• _Your instructions_
Below is a block of records: output all of them exactly and leave out the pictures.

• _Available records_
* * * * * * * * *

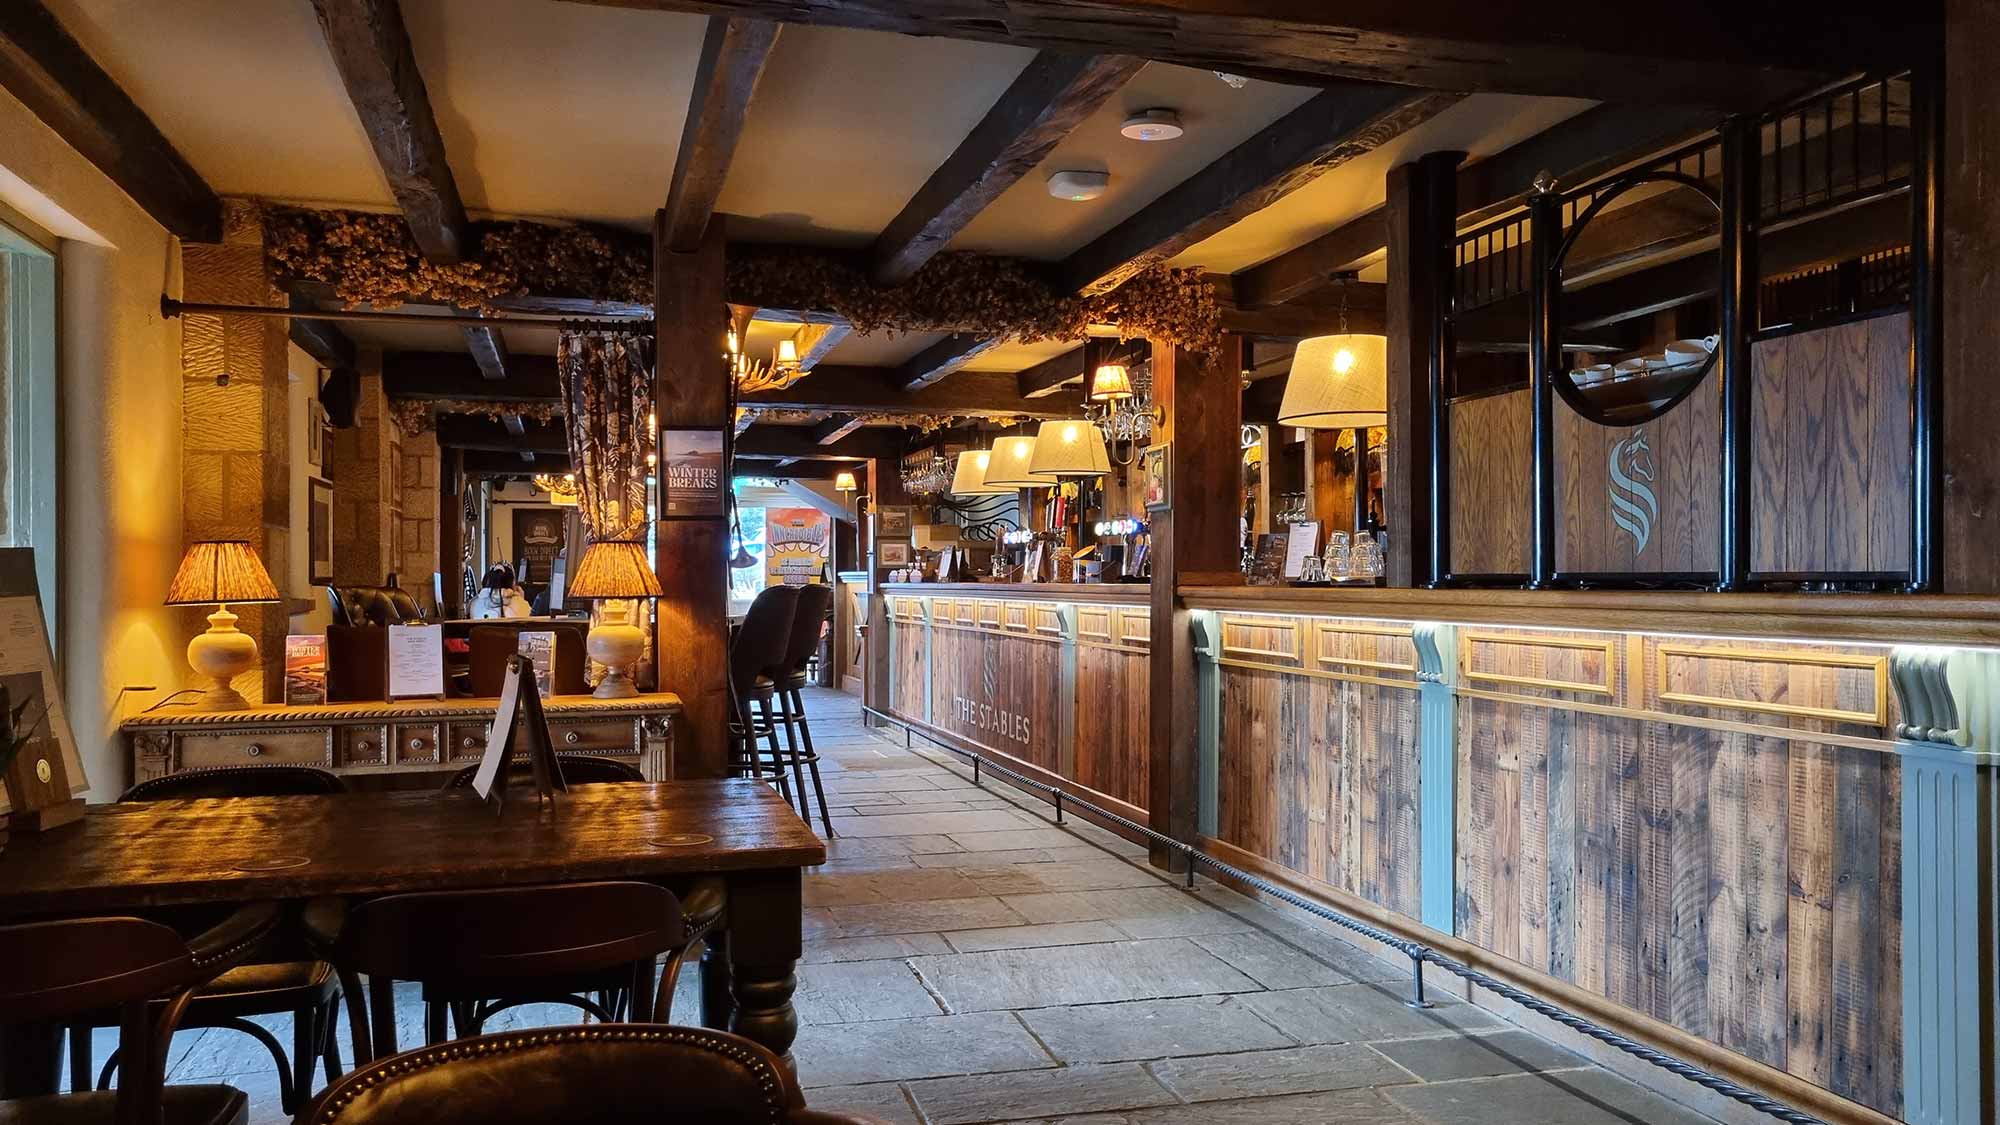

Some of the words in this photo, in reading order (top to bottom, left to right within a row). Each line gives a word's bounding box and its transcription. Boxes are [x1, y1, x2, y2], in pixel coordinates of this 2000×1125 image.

[668, 466, 717, 478] WINTER
[668, 477, 717, 489] BREAKS
[955, 696, 976, 725] THE
[980, 703, 1030, 745] STABLES
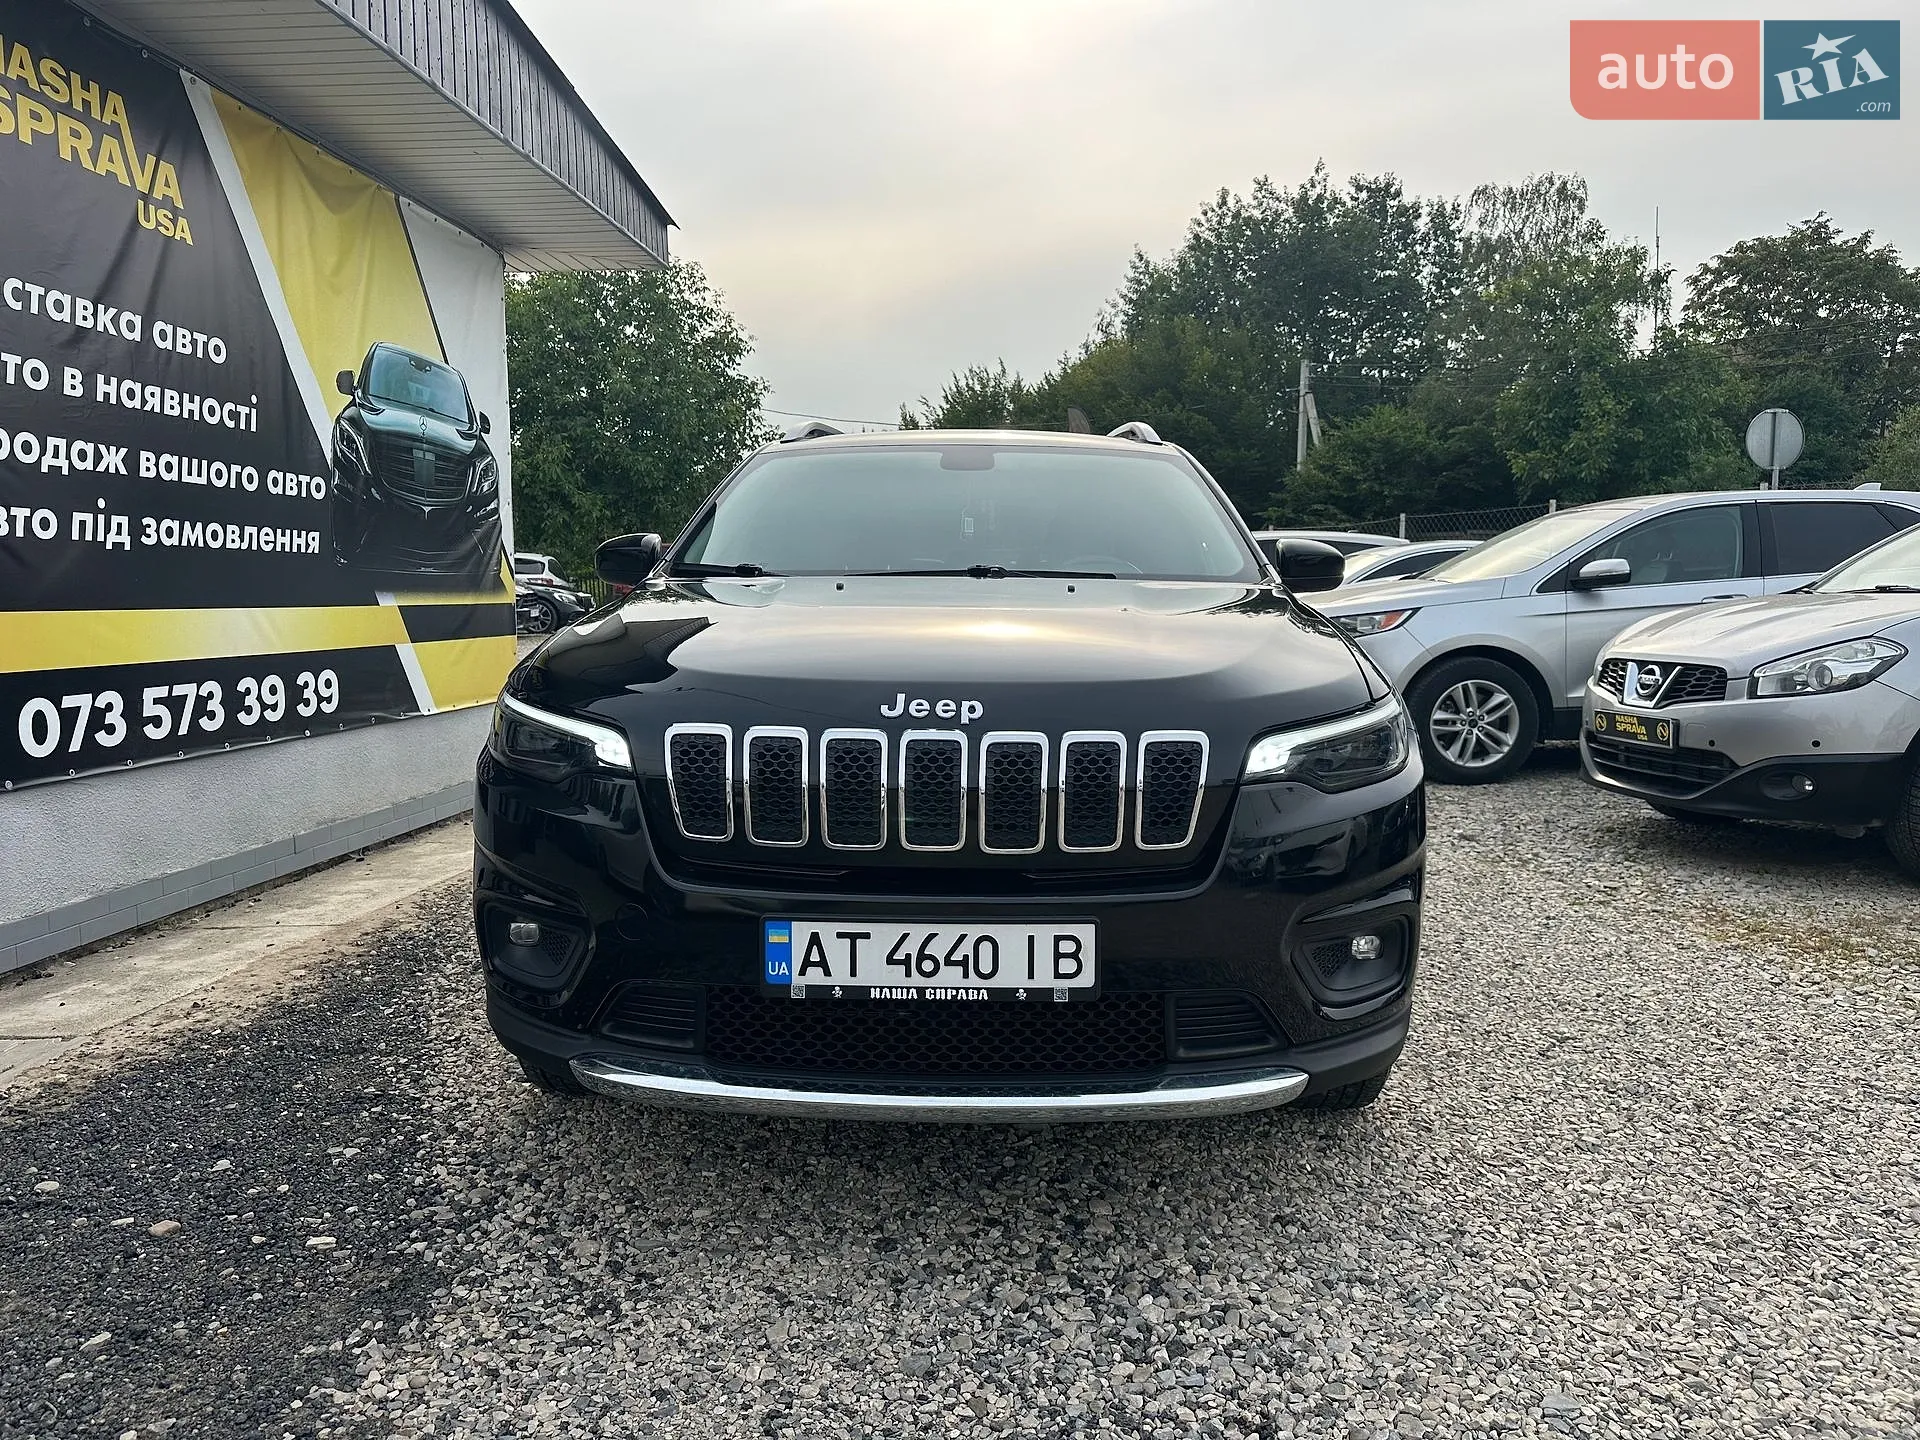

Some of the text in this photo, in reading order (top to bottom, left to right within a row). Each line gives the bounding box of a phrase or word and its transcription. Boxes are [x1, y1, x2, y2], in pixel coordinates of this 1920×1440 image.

[0, 34, 124, 127] ASHA
[137, 199, 194, 246] USA
[3, 277, 228, 365] ставка авто
[63, 366, 84, 398] в
[96, 373, 258, 432] наявності
[139, 450, 259, 492] вашого
[266, 469, 327, 500] авто
[71, 498, 131, 551] під
[140, 517, 320, 554] замовлення
[18, 669, 340, 758] 073 573 39 39
[880, 693, 984, 725] Jeep
[1615, 714, 1637, 724] NASHA
[1615, 722, 1647, 735] SPRAVA
[768, 961, 789, 976] UA
[885, 932, 1000, 981] 4640
[870, 987, 989, 1001] НАША СПРАВА
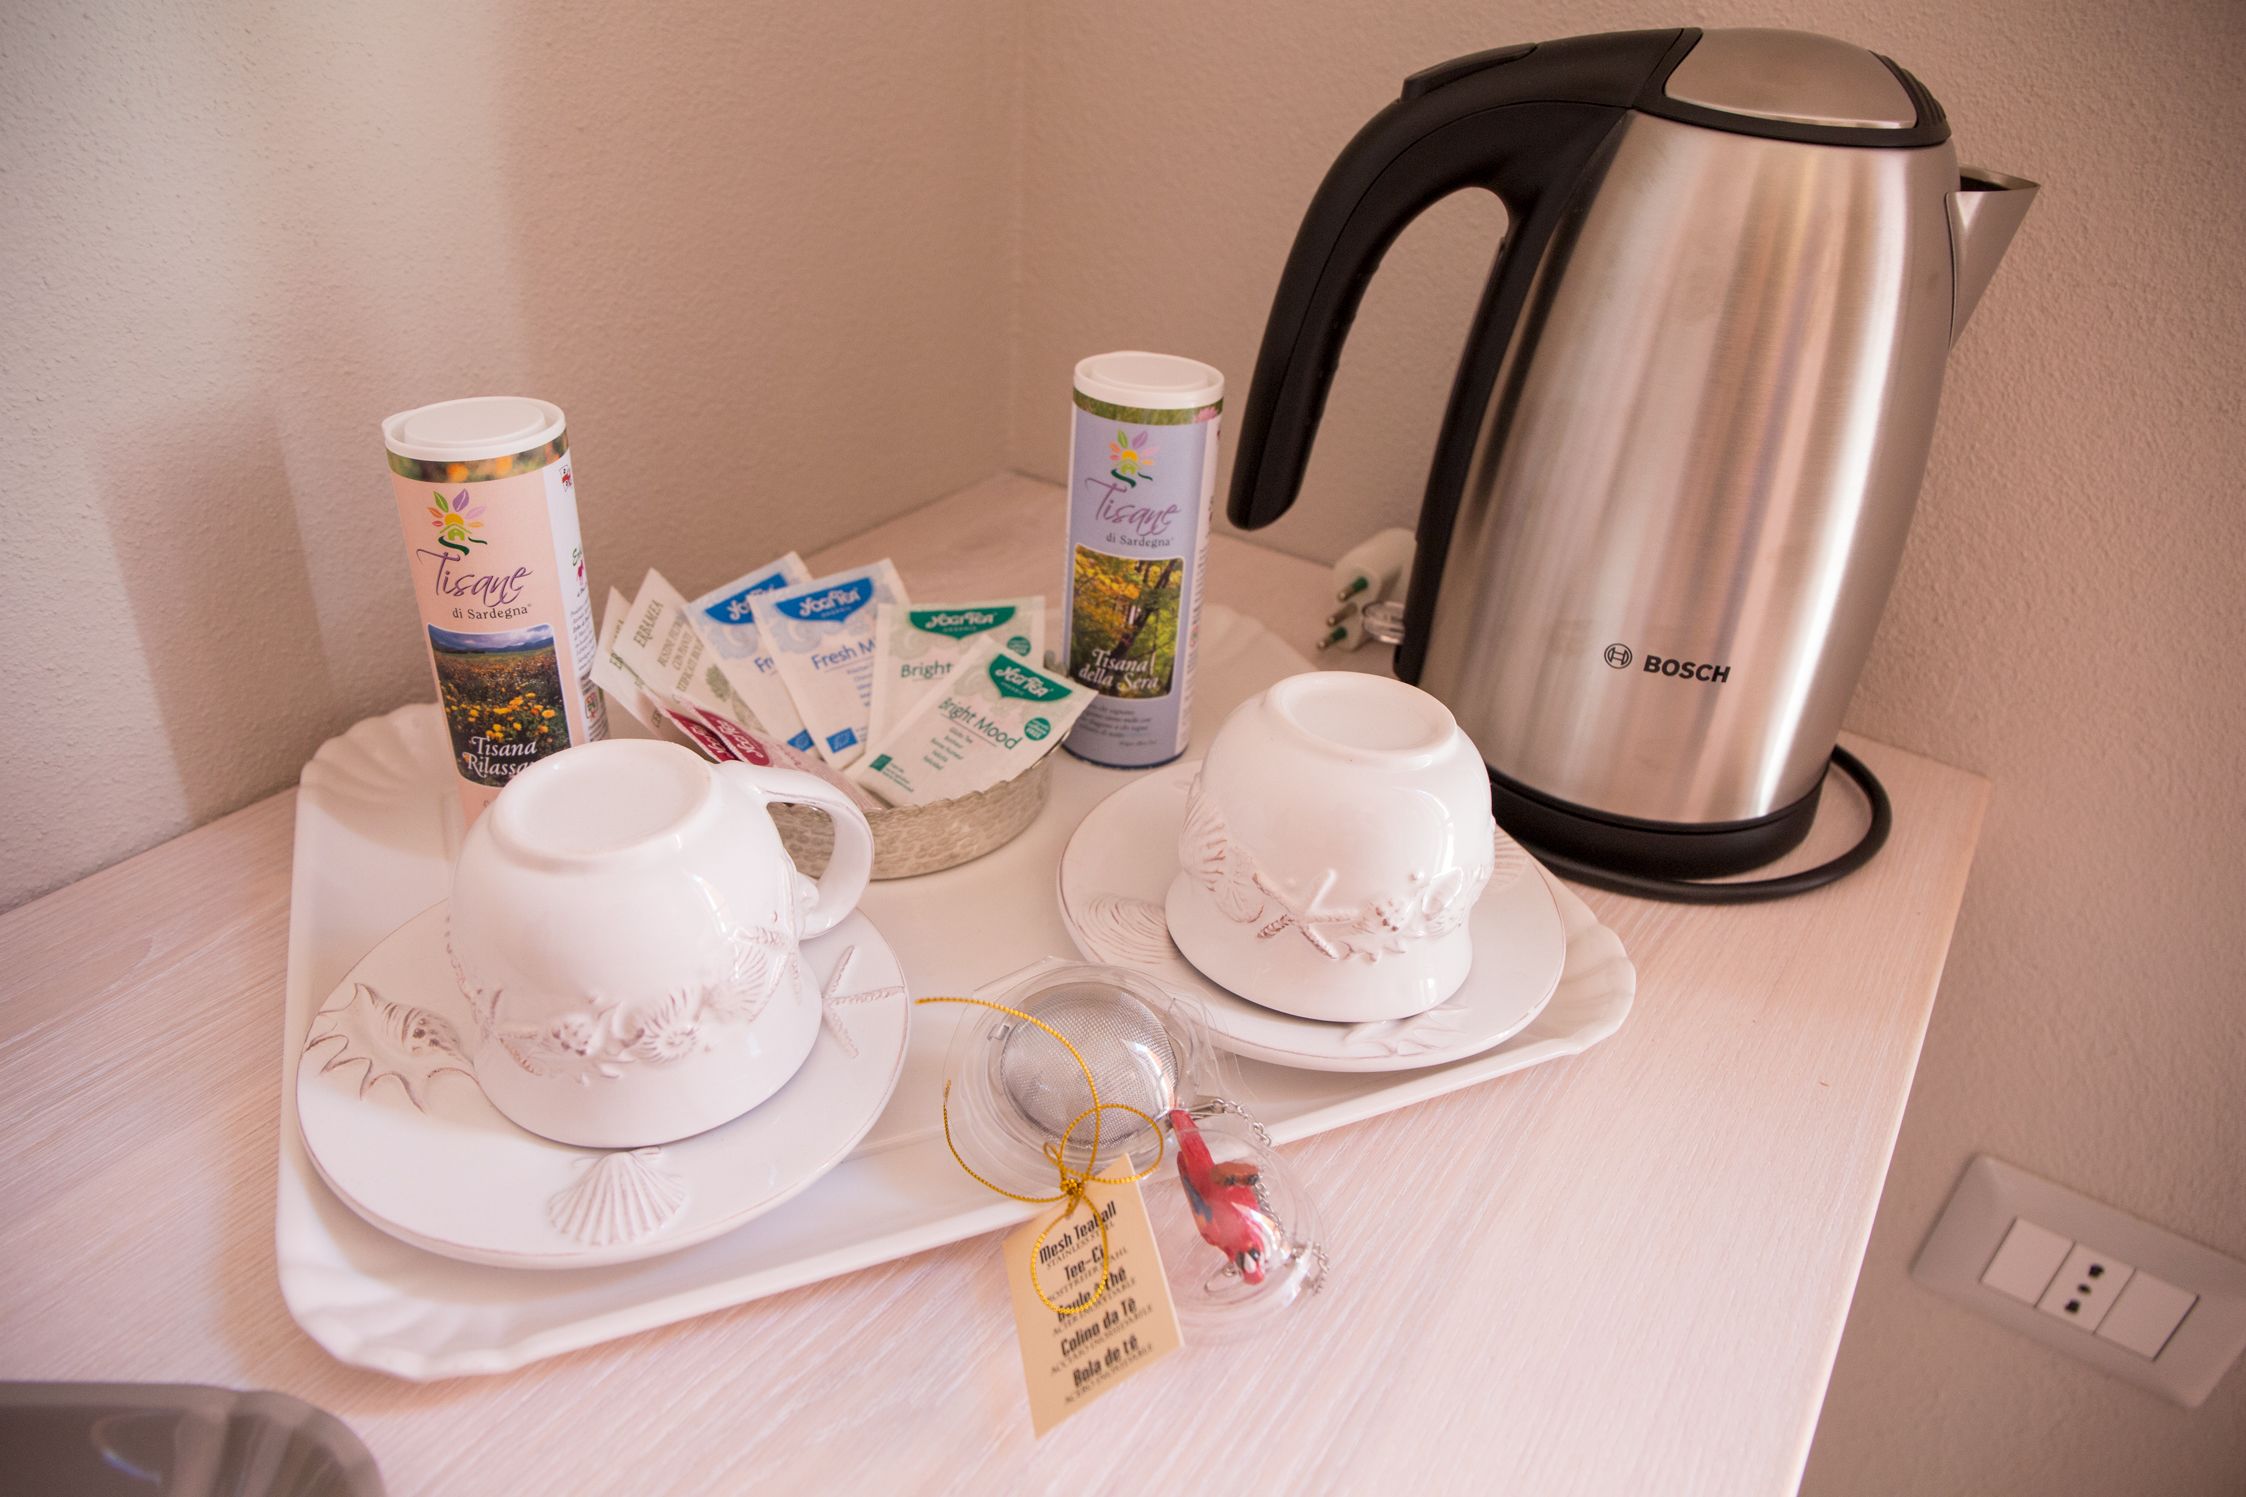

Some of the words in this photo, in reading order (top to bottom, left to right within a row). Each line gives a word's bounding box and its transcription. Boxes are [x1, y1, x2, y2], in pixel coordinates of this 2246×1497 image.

* * * * * * * * *

• _Exercise output_
Some of the words in this photo, in reading order (top to bottom, left to right within a row). Each line gives a word's bounding box and its transcription. Boxes are [x1, y1, x2, y2], in pixel coordinates of this 2000×1125 image.

[668, 466, 717, 478] WINTER
[668, 477, 717, 489] BREAKS
[955, 696, 976, 725] THE
[980, 703, 1030, 745] STABLES

Some of the text in this photo, in reading order (top to bottom, left to right within a row). Each line gives the bounding box of a phrase or word and its transcription. Boxes are [x1, y1, x2, y2], in pixel coordinates of this 1920×1440 image.

[0, 34, 124, 127] ASHA
[137, 199, 194, 246] USA
[3, 277, 228, 365] ставка авто
[63, 366, 84, 398] в
[96, 373, 258, 432] наявності
[139, 450, 259, 492] вашого
[266, 469, 327, 500] авто
[71, 498, 131, 551] під
[140, 517, 320, 554] замовлення
[18, 669, 340, 758] 073 573 39 39
[880, 693, 984, 725] Jeep
[1615, 714, 1637, 724] NASHA
[1615, 722, 1647, 735] SPRAVA
[768, 961, 789, 976] UA
[885, 932, 1000, 981] 4640
[870, 987, 989, 1001] НАША СПРАВА

Some of the words in this photo, in reading order (top to bottom, left to right within a row). Each line gives a word's bounding box and its transcription. Boxes are [x1, y1, x2, y2], in pixel coordinates of this 2246×1497 image.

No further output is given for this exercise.